- _Problem statement_: Transcribe these records exactly, dropping every picture.

- _Data for analysis_:
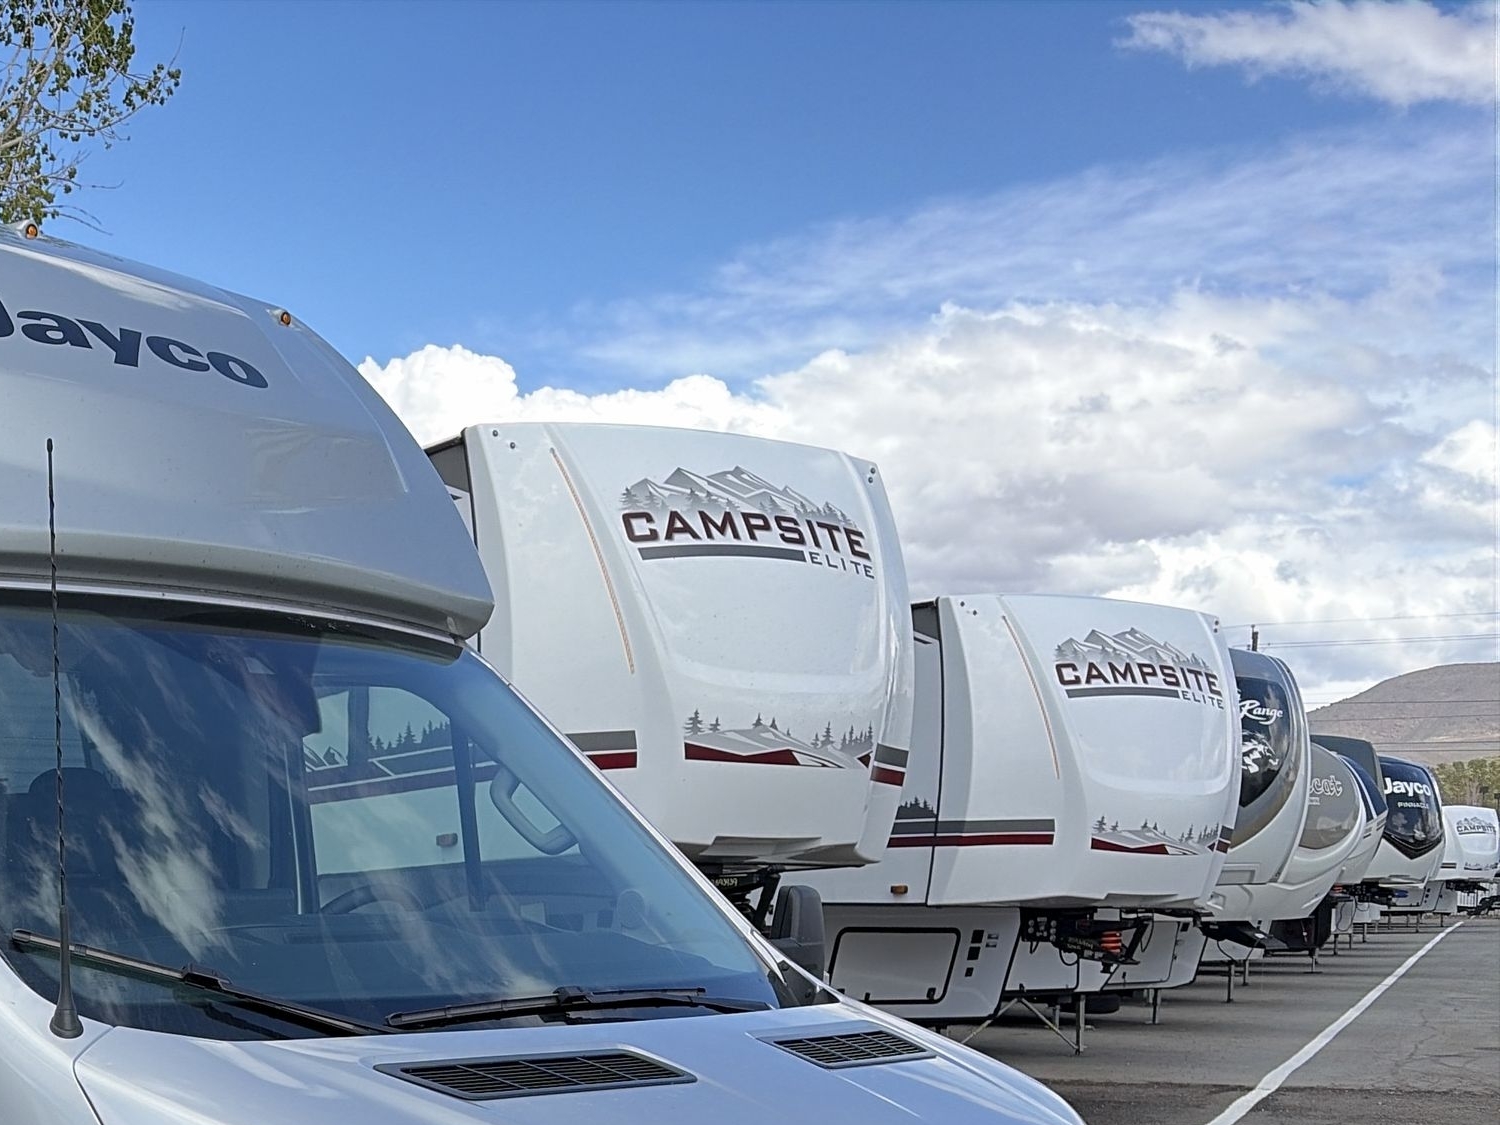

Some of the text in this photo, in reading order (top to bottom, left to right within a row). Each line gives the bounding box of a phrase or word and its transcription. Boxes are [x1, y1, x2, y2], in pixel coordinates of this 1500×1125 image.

[621, 510, 871, 561] CAMPSITE
[809, 551, 875, 579] ELITE
[1055, 661, 1223, 697] CAMPSITE
[1181, 690, 1225, 710] ELITE
[1239, 699, 1283, 725] Range
[1384, 777, 1431, 797] Jayco

- _Output of the exercise_:
Some of the text in this photo, in reading order (top to bottom, left to right within a row). Each line gives the bounding box of a phrase or word and its transcription. Boxes are [x1, y1, x2, y2], in pixel coordinates of this 1500×1125 image.

[621, 510, 871, 561] CAMPSITE
[809, 551, 875, 579] ELITE
[1055, 661, 1223, 697] CAMPSITE
[1181, 690, 1225, 710] ELITE
[1239, 699, 1283, 725] Range
[1384, 777, 1431, 797] Jayco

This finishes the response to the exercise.